Beyond Kyoto and Bali


Just at the start of the Bali conference the BBC interviewed the chief scientific advisor to the white house on climate change. What he said was depressing, as it didn’t bode well for the climate change conference in Bali. What he said was that until the science can say at what level CO2 in the atmosphere was dangerous the US would not be doing anything that might damage the US economy.

When in Bali, Al Gore the former US Vice President, stood up and told the conference that he was ashamed of America. The attitude of the George W Bush government on climate change is shameful, shameful but honest. As the largest polluter the American government should be accepting that the American people need to stop the profligate waste of energy. But it’s only via this gorging of the energy resources that the US Economy makes its money.

The Stand off between the US and Europe created the illusion that Europe was being the good guy. Though the reality is that Europe has failed to meet its Kyoto targets just as much as any other country.

In Britain there is a lot of rhetoric but very little real action. Some action has been taken, promoting wind power, but very little else. We could have banned High Energy light bulbs, but this was consigned to the future.

Even in Europe action on climate change is always to be taken tomorrow and never today.

The problem is that we have thus far failed to see a real global event occur. While localised events are happening and acknowledged as being the result of Climate Change, until something dramatic happens the vast majority of people will not change their behaviour. For example all the protestors and lobbyist that went to Bali would have flown in, adding to CO2 pollution so that they could protest about CO2 pollution.

Personally I think the conference should have been held at the North Pole in summer, and they should not have been allowed back until an agreement on deep cuts was reached, or until the sea ice melted.

Bali and Kyoto before it have focused on the wrong problem. While CO2 is the measured green house gas, and a handy short hand for climate change, pollutants like nitrous oxide and water vapour are even more effective as greenhouse gasses. The whole Kyoto process is based upon the idea of continuing to pollute but slightly less. Its like telling an Alcoholic with impending liver failure that if you cut back on drinking everything will be all right.

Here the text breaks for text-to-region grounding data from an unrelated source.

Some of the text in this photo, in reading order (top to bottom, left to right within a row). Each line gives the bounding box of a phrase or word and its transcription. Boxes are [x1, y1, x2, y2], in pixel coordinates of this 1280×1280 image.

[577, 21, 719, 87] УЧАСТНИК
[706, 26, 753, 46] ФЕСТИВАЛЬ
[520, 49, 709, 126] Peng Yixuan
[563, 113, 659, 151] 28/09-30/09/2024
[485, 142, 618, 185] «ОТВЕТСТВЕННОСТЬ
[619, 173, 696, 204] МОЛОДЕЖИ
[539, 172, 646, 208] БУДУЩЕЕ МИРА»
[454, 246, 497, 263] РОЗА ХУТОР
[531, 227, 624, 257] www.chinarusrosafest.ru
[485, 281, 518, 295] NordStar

There was a time when it looked as if we were going to run out of oil, but technology and new oil finds have extended the amount of available oil well into this century. Add to that the amount of coal globally and we have enough fossil fuel to last us about three hundred years. But if we burnt all that fossil fuel we would change the amount of CO2 in the atmosphere from the current four hundred parts per million to two thousand parts per million.

The seas would be dead as they would be to acid to support life beyond specialised bacteria, temperatures would be twenty to thirty degrees hotter, and mass extinctions will have occurred including Homo sapiens.

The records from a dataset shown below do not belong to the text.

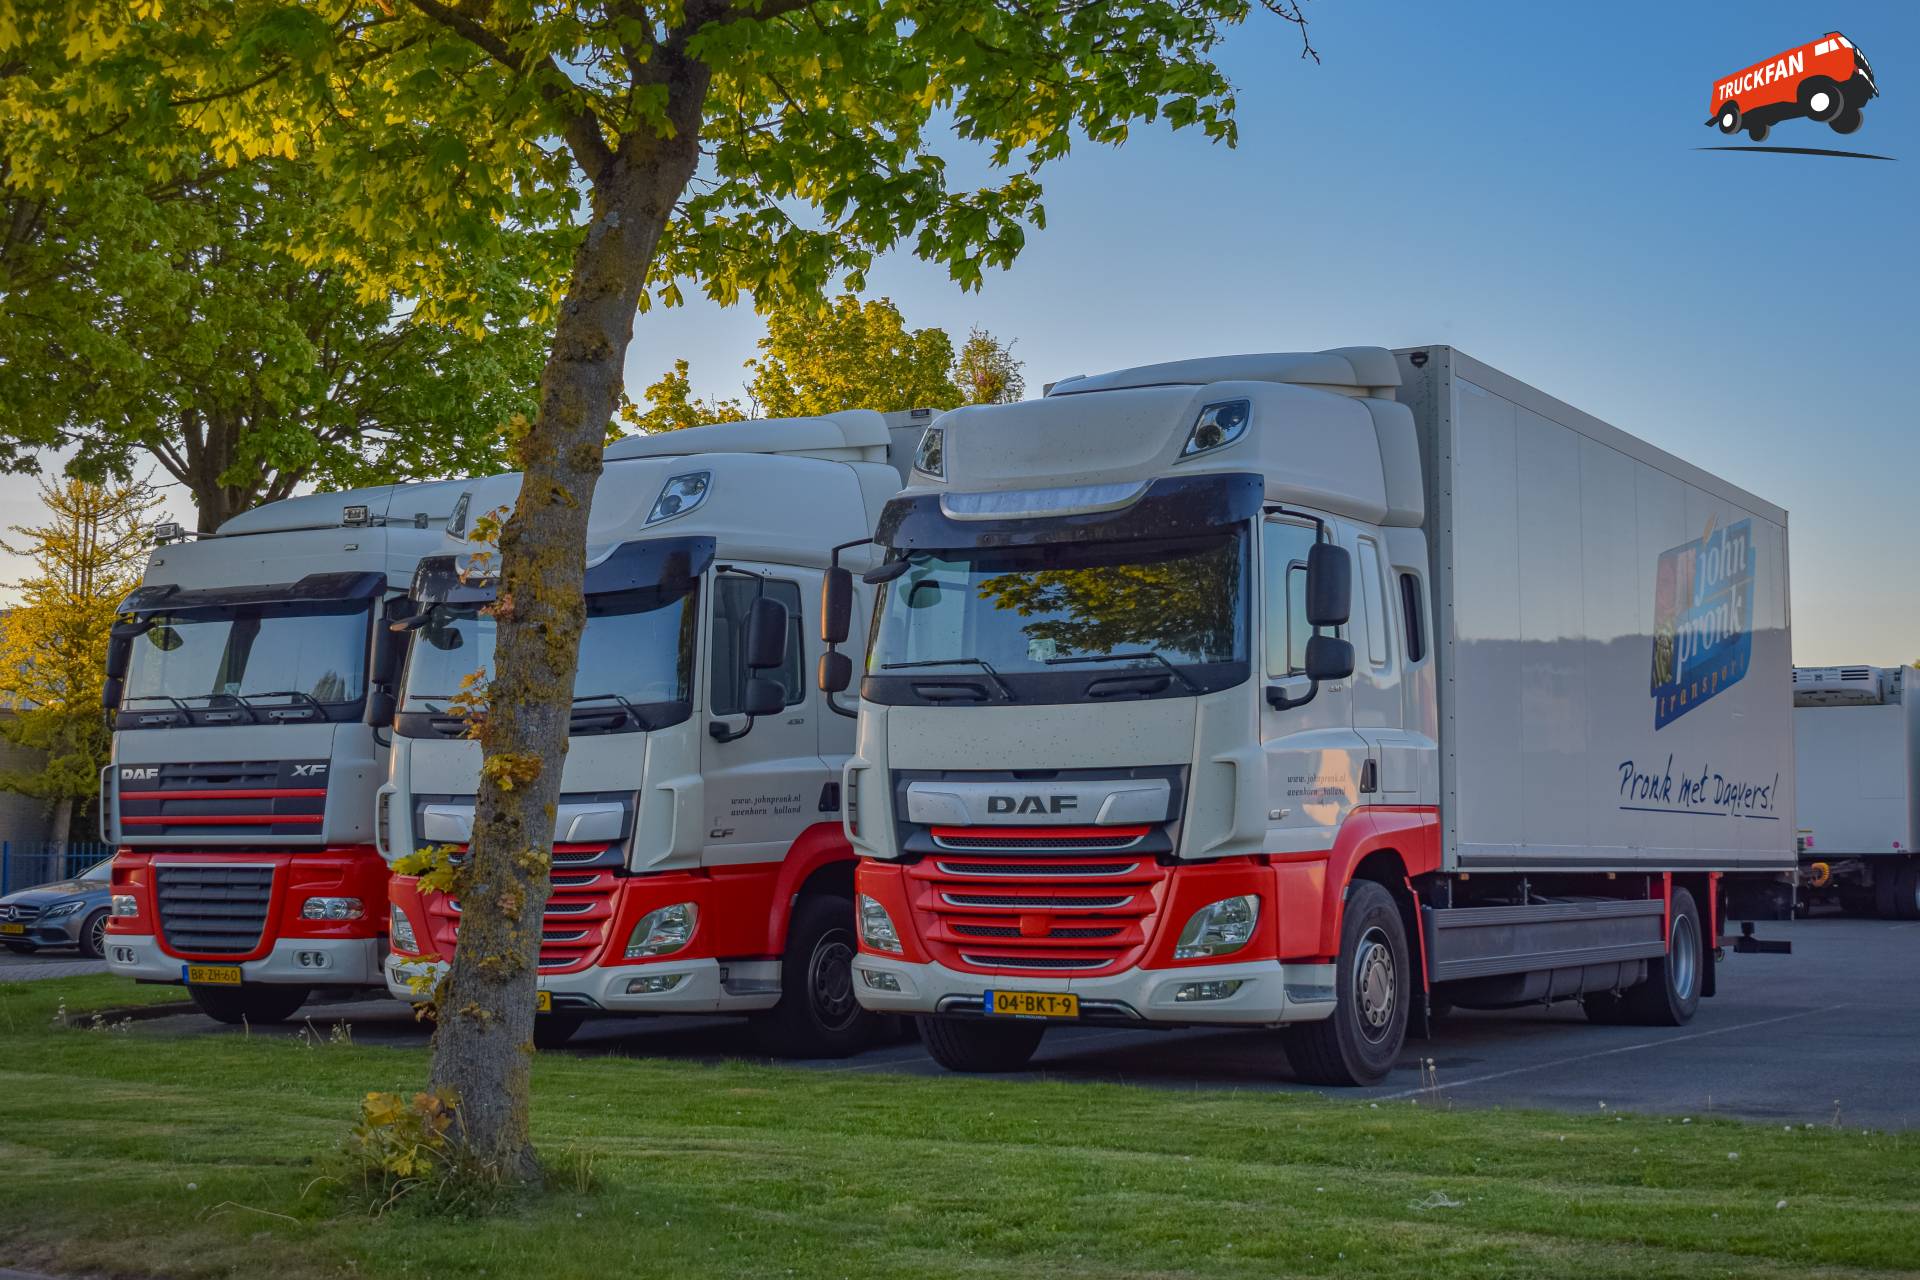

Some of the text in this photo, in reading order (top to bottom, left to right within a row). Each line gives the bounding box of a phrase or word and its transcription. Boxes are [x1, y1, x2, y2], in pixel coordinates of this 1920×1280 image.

[1694, 528, 1746, 607] john
[1676, 584, 1742, 685] pronk
[121, 768, 159, 780] DAF
[291, 764, 327, 776] XF
[1619, 753, 1673, 804] Pronk
[1678, 763, 1708, 807] met
[987, 795, 1078, 814] DAF
[710, 828, 736, 838] CF
[998, 994, 1072, 1014] 04-BKT-9

The IPCC recognises in its last report that feedback systems are probably in place in our climate but it will not be until we see them happening will we know for sure. The obvious one is the melting of the Sea Ice in the Artic. That is leading to the loss of the Greenland Ice sheet. The rise in seawater will then impact on the Western Antarctic Ice shelf causing this to break up adding to the rising sea levels, as well as affecting the flow of the Amazon River and flooding large areas of the rain forest, possibly killing off the planets lungs. The impacts of all these events would change the Monsoons in Africa and India, causing a severe drought.

In Europe we are already seeing the effect of a changing climate upon our food supplies. The rise in the price of wheat, while helping beleaguered farmers, is a direct result of poorer yields. This is not just a minor blip, but has been occurring for the last few years. In Europe the EU has sold all its stored wheat, as there has not been sufficient production in the past couple of years. This is not just happening in Europe but in America and Russia too.

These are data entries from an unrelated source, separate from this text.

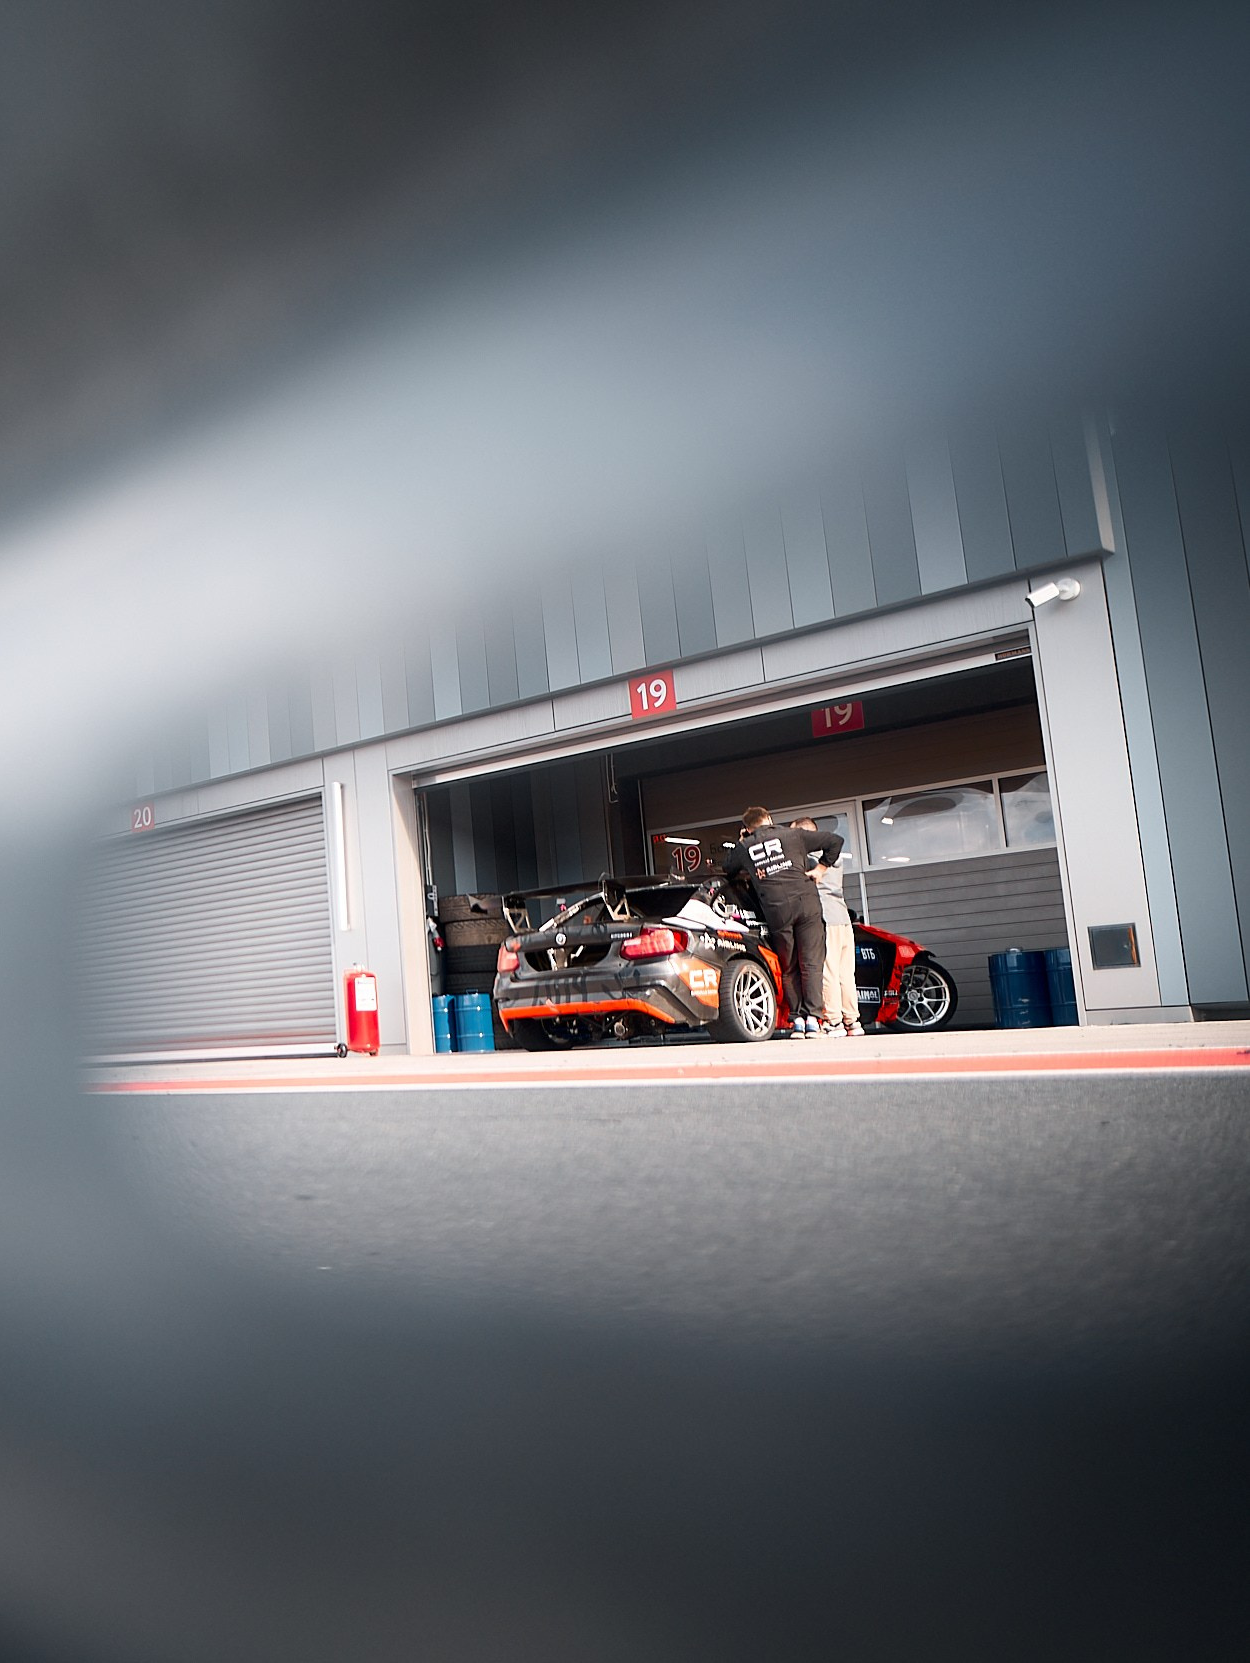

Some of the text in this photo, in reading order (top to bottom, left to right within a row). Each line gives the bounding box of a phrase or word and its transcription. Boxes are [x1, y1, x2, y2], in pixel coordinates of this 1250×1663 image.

[636, 678, 668, 711] 19
[821, 702, 853, 729] 19
[133, 806, 152, 829] 20
[671, 845, 702, 873] 19
[748, 838, 784, 861] CR
[860, 947, 876, 960] ВТБ
[689, 968, 718, 988] CR

All this means that climate change is already having an effect upon food supplies. So far all that most people will have noticed is an increase the price of food. In coming years we will see this effect exacerbated. Eventually there will be shortages of foods, especially for the poor.

We are facing stark choices, we cannot continue to burn fossil fuels and expect to have a planet fit to live on.

What is needed is leadership from and by America on climate change. What George W, or more realistically who ever replaces him, needs to announce the equivalent of the space race for tackling climate change. This must not just be for the benefit of the US but for the whole of humanity. Further this needs to involve all the countries and peoples of the planet. That way the US will no longer be seen as an arrogant imperialistic state it has become, but as part of the solution in helping to heal the planet.